Articles récents
SISYPHE ET LE BOUSIER
SISYPHE ET LE BOUSIER
Sisyphe, personnage de la mythologie grecque condamné (pour avoir défié les dieux) à remonter une pierre dégringolant sans fin du sommet de la colline, symbolise le tragique de la condition humaine à travers la répétition douloureuse sans fin des mêmes gestes, qu'il arrive à surpasser et à s'en libérer par la force de sa conscience.
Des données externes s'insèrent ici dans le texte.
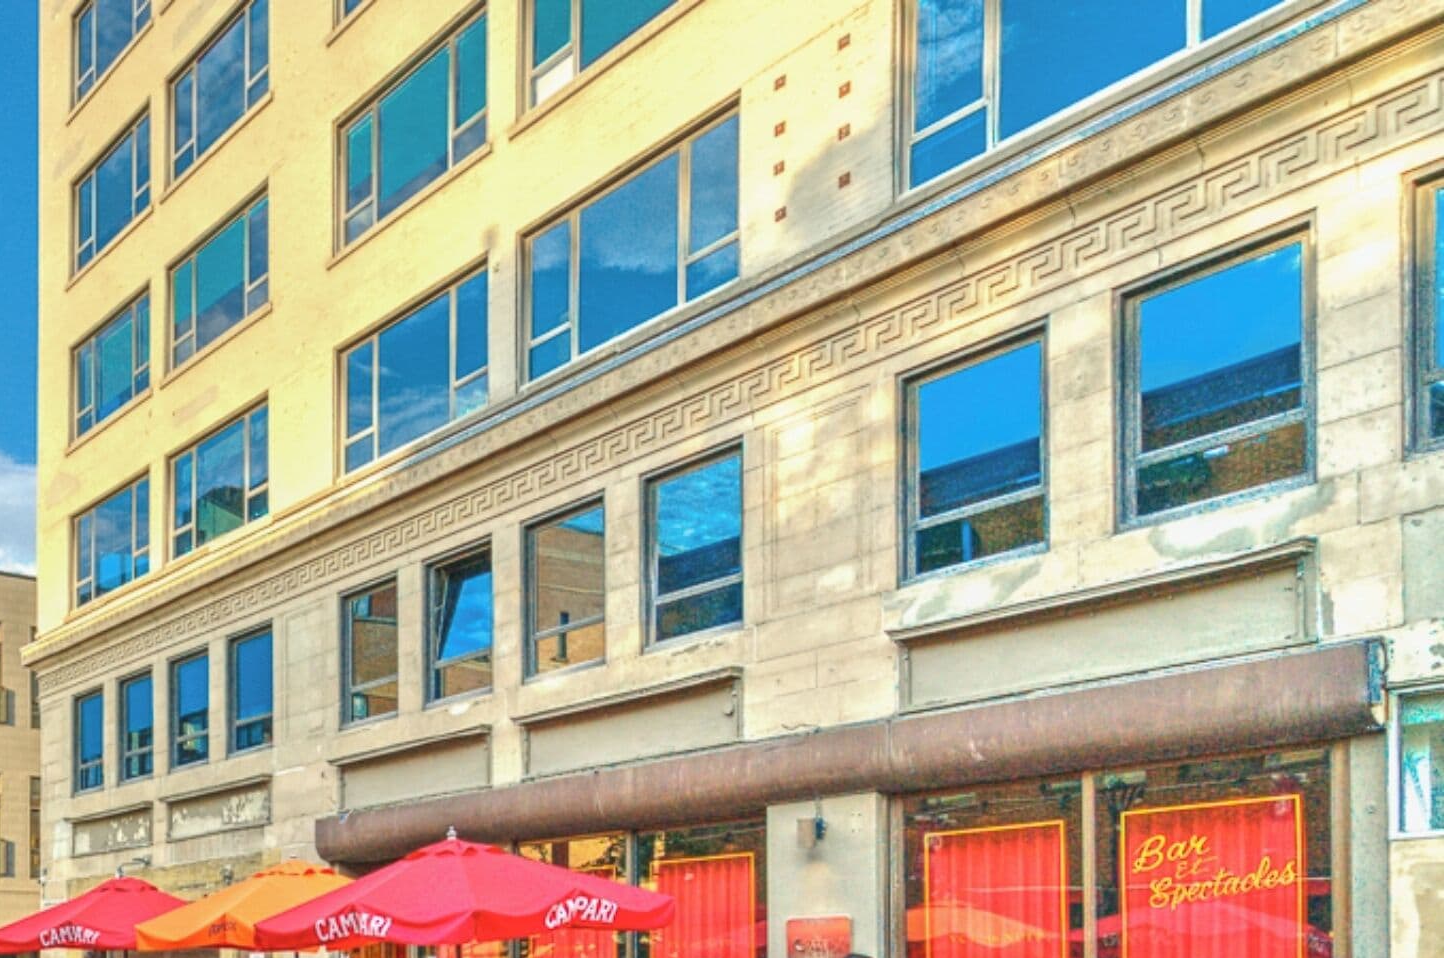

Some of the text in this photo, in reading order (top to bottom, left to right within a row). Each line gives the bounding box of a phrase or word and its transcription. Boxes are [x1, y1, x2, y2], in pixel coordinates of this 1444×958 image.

[1132, 834, 1210, 874] Bar
[1149, 855, 1297, 912] Spectacles
[315, 911, 393, 942] CAMARI
[545, 895, 618, 930] CAMPARI
Mythe repris par Albert Camus qui défend que la conscience est libératrice de la condition humaine.
Le bousier, est un scarabée qui se nourrit d'excréments qu'il roule en boule et pousse derrière lui.
Sisyphe avant d’être condamné était dans la lumière, fils de roi, parmi les riches et les notables. Il n'avait pas l'humilité, l'insignifiance et la noirceur du Bousier. Sisyphe en remontant sa pierre a une activité certes pénible et humiliante, mais aussi vaine et inutile. Le Bousier en nettoyant les déchets fécaux est utile aux autres, ne demande rien, travaille gratuitement sans relâche, ignoré.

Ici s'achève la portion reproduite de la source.